HOLY **** ... !! Even ole Mojo281 might drop hammer on that deer ... !!!


----------



## stxhunter (May 19, 2006)

Beautiful buck!


----------



## BadaBing (Apr 29, 2008)

time for some backstrap!


----------



## Rack Ranch (May 25, 2004)

Definite Troll...



Sweetwater said:


> definite photoshop


----------



## Part Timer (Jul 2, 2012)

Very nice! i like the symmetric look more than crazy kickers. Thats an awesome looking deer.


----------



## txrdkng (Jan 9, 2013)

I have been working on a project involving deer profiling around different parts of Texas.
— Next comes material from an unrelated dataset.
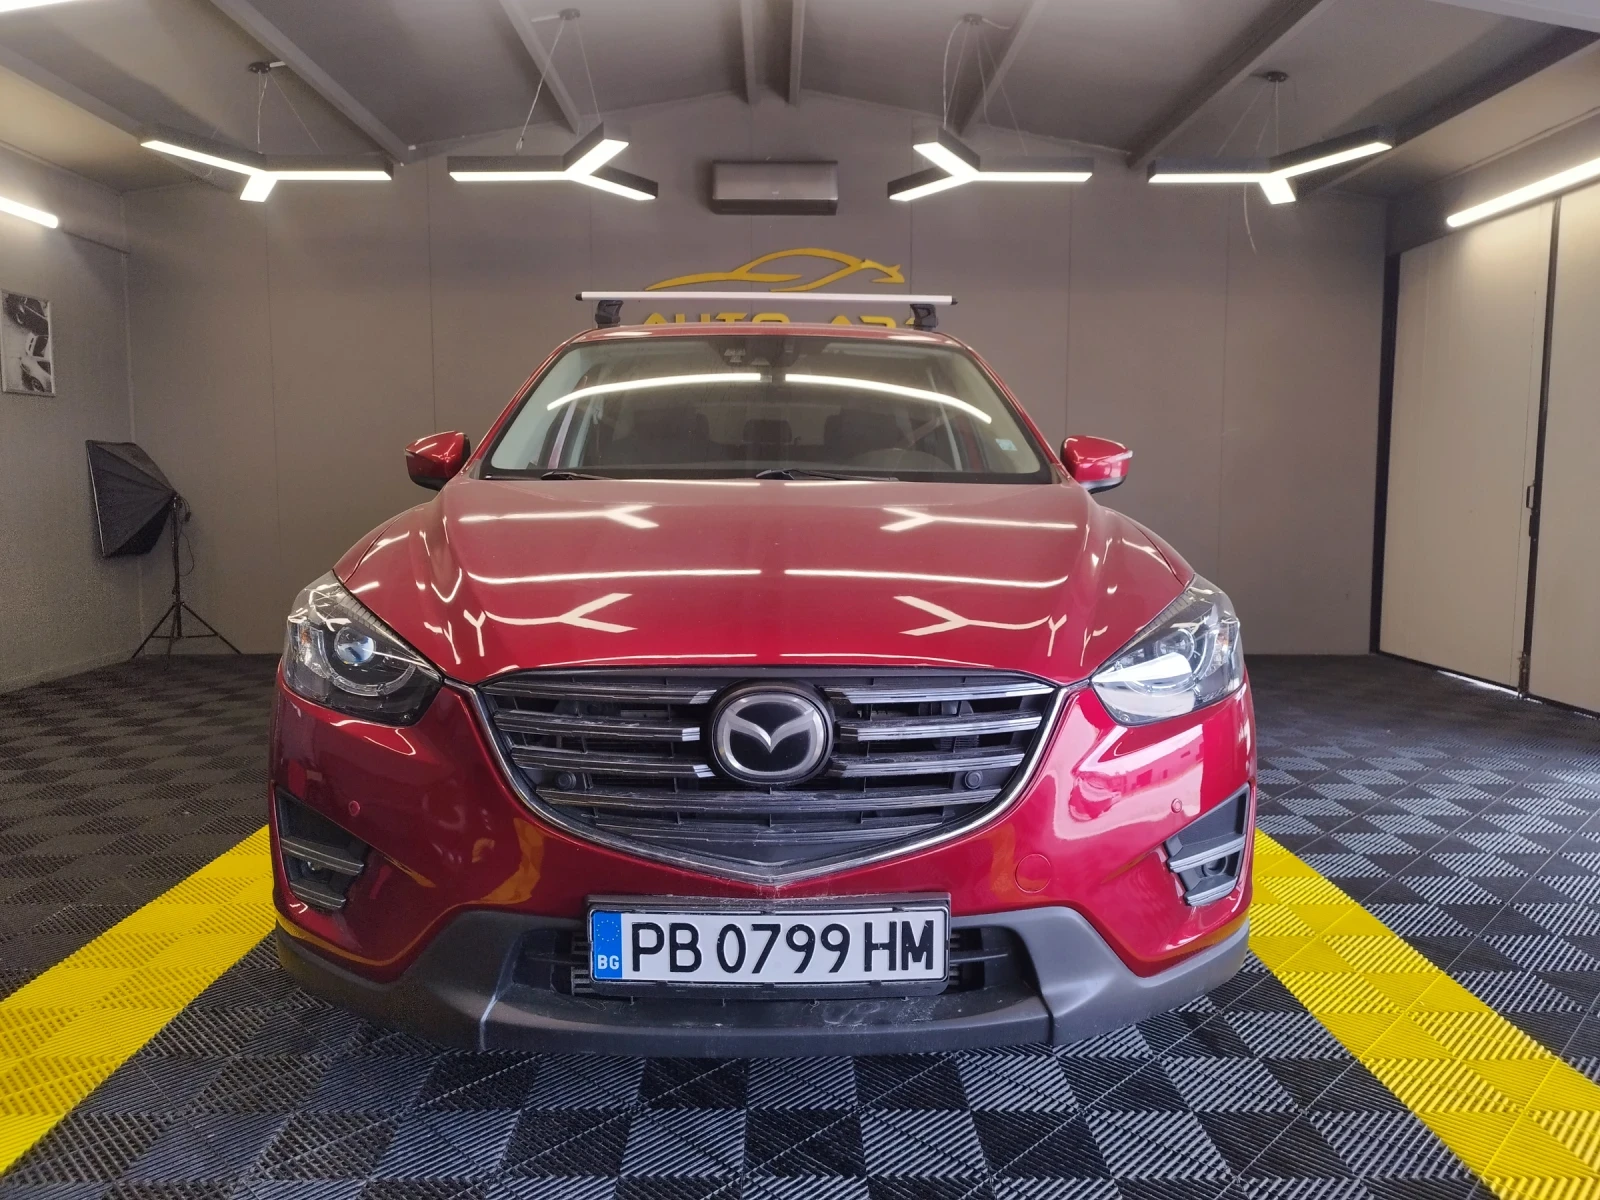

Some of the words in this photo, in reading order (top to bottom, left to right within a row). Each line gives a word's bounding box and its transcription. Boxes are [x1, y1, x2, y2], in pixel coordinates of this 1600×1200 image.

Can you please give me the GPS waypoints of where this picture was taken, the exact location of the blind and and include what time/and dates nobody is expected to be there? :cheers:

Great deer!


----------



## James Howell (May 21, 2004)

By my count, that is close to a 200" typical ten, and I may be about 5-10" low, which would potentially make it a new typical world record, if its not high fenced or line bred.


----------



## realwrangler (Jan 21, 2011)

he is perfect, got it all.


----------



## Chase This! (Jul 20, 2007)

Stud.


----------



## Sgrem (Oct 5, 2005)

James Howell said:


> By my count, that is close to a 200" typical ten, and I may be about 5-10" low, which would potentially make it a new typical world record, if its not high fenced or line bred.


um......no


----------



## finz (Aug 18, 2010)

So what do yall think on this deers age??


----------



## BIG PAPPA (Apr 1, 2008)

*Sa weeeet 10*

If I may, I've scored him at 182


----------



## Trouthunter (Dec 18, 1998)

If I was lucky enough to take him out, I'd shoulder mount him just like he's standing in that picture.

TH


----------



## SSST (Jun 9, 2011)

If i were to design my perfect buck, that one would be it, no gimmicks, just lots of antler. Beautiful deer.


----------



## Poon Chaser (Aug 22, 2006)

that is gorgeous


----------



## bobbyoshay (Nov 29, 2008)

SSST said:


> If i were to design my perfect buck, that one would be it, no gimmicks, just lots of antler. Beautiful deer.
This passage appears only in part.